I have to say that, after just one hour, I was left a little disappointed by what I had read. After more than a year of reimagining, I guess I had hoped to find a few more tangible, nuanced, and industry-specific reconfigurations.


It appears that reimagining - at least in terms of real and sustained progress - is harder than many of us might have imagined.


So I decided to turn my attention to another question: how does society learn? By which I mean, when dramatic global events occur such as we have experienced with Covid-19, how does human society, along with all of its component parts, react and progress?

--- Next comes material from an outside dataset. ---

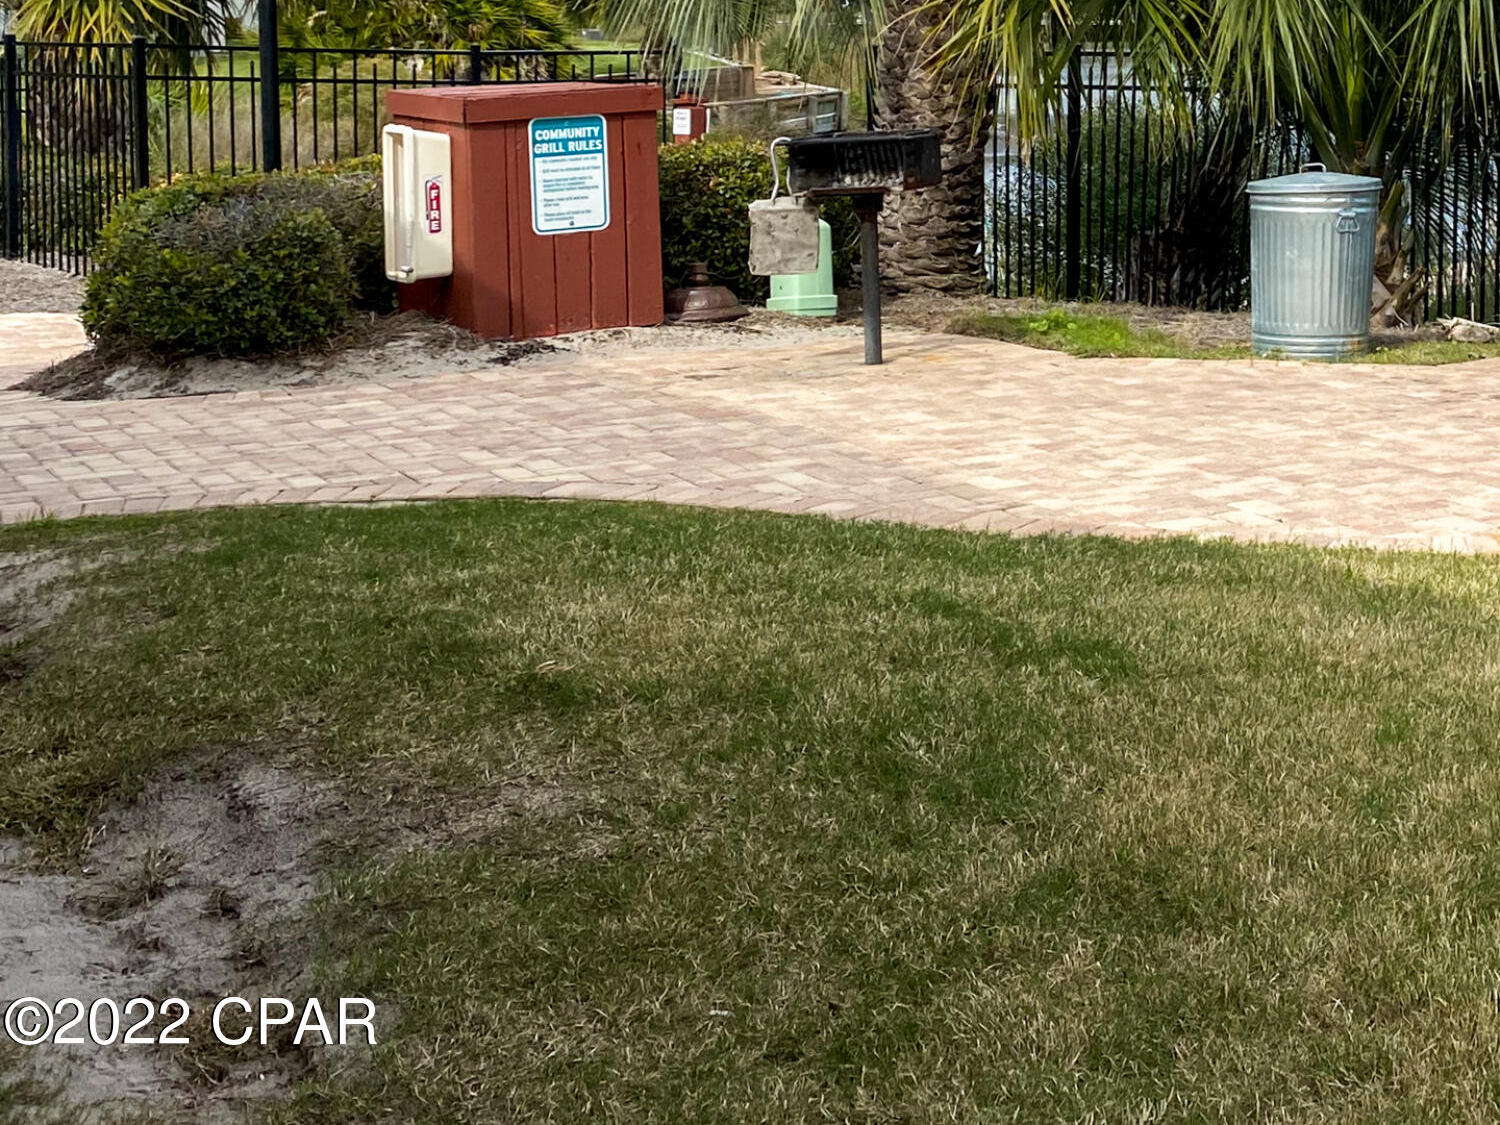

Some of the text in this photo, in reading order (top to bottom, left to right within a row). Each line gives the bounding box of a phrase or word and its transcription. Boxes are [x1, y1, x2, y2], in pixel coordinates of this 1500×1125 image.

And this is when I stumbled upon the work of Daniel Yankelovich and his almost Hegelian idea that societies progress only insofar as they “lurch and learn”.


Society lurches, mindlessly, in some opposite direction - often in the way you see adolescents grow. There is a sudden lurch, then after the lurch the learning takes place. It is a very dangerous form of adaptation because you leap before you look, and then you learn.


What Yankelovich is perhaps suggesting here is important for two reasons.


First, it is a reminder to all of us that the future that we are busy reimagining right now is less something that we can predict and navigate our way towards by means of a straight line, but more a constant lurching from one temporary-fixed position to another.


Second, it is also a reminder of Kierkegaard’s axiom that whilst life is lived forwards, it can only be understood backwards. So, as much as we think we can know everything in advance, the likelihood is that we are going to spend much more time leaping into the unknown over the next few years and, only after the fact, learning if we have progressed in a tangible way or not.